== Task requirements ==
Only the text belongs in the copy: retype each record exactly as it appears.

### Provided records

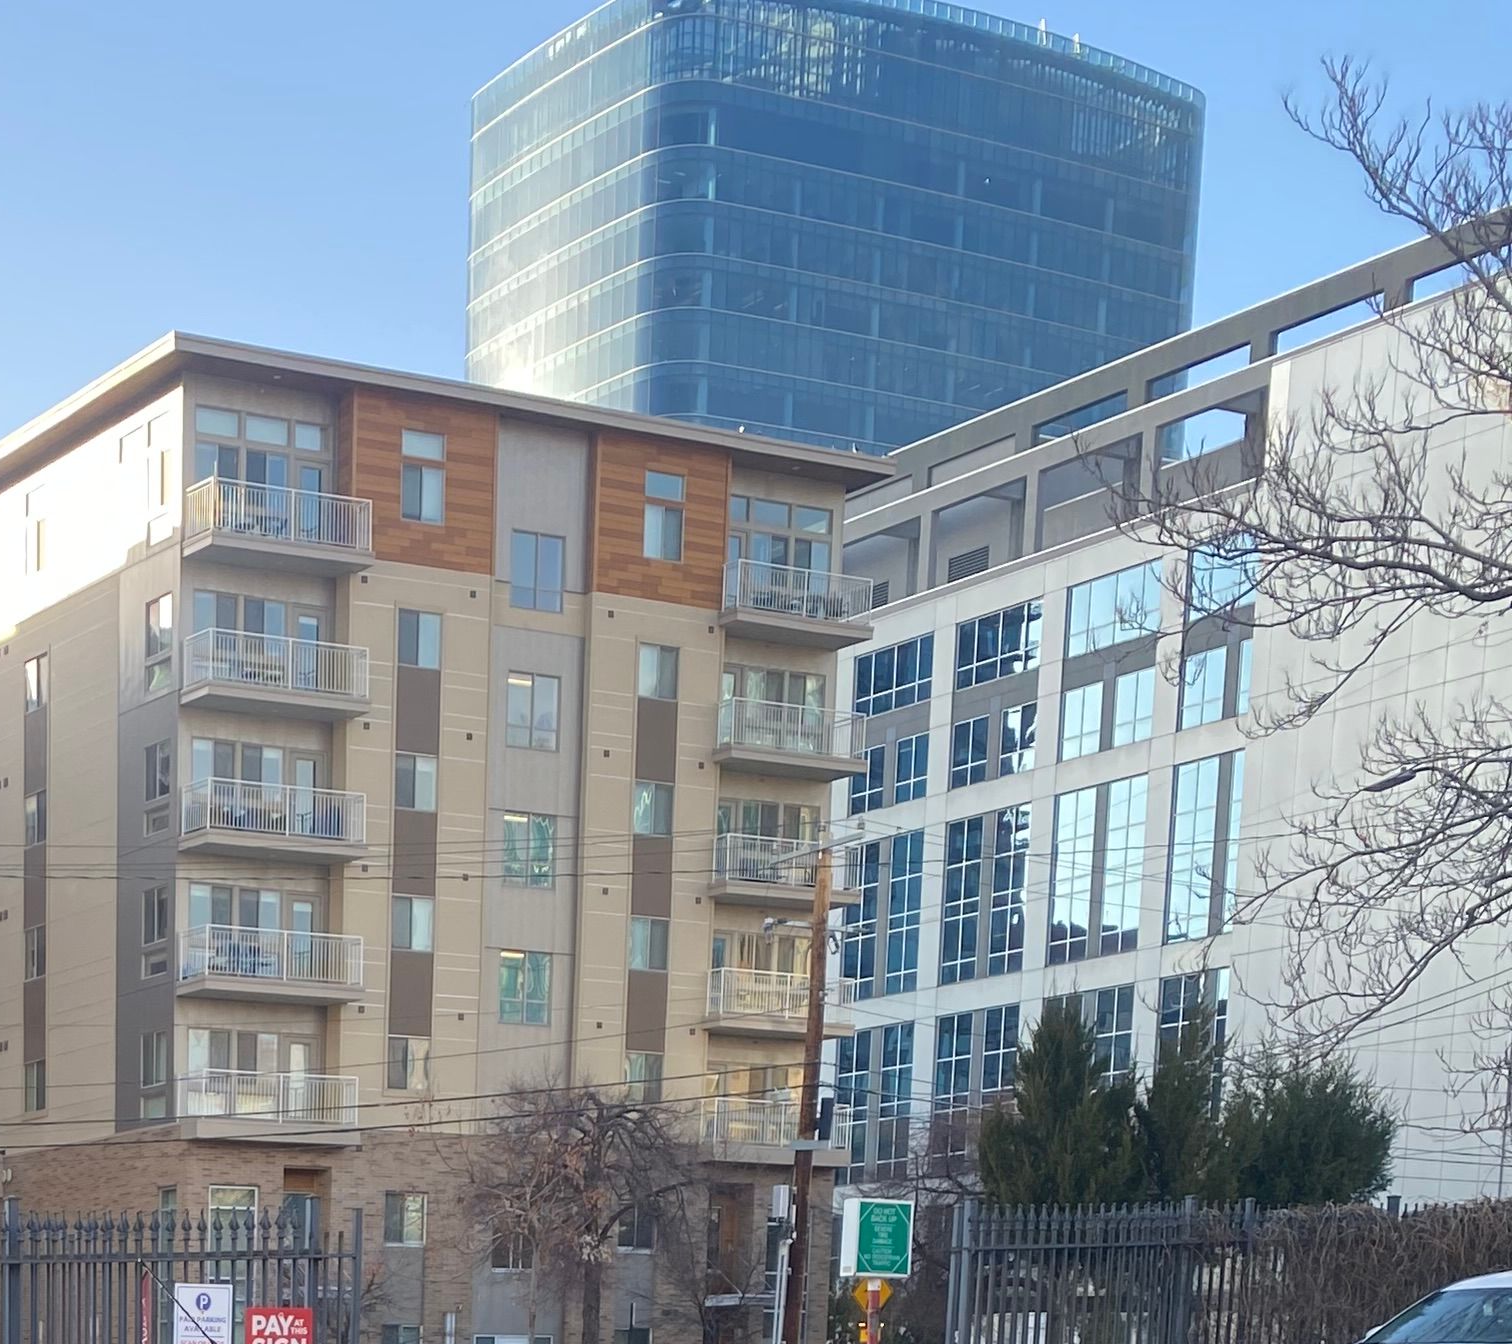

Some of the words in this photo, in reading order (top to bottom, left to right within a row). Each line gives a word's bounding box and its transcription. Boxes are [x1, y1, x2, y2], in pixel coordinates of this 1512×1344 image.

[196, 1316, 227, 1324] PARKING
[294, 1318, 304, 1326] AT
[184, 1325, 221, 1333] AVAABLE
[251, 1314, 295, 1336] PAY
[290, 1326, 308, 1335] THIS

######

== Answer ==
Some of the words in this photo, in reading order (top to bottom, left to right within a row). Each line gives a word's bounding box and its transcription. Boxes are [x1, y1, x2, y2], in pixel coordinates of this 1512×1344 image.

[196, 1316, 227, 1324] PARKING
[294, 1318, 304, 1326] AT
[184, 1325, 221, 1333] AVAABLE
[251, 1314, 295, 1336] PAY
[290, 1326, 308, 1335] THIS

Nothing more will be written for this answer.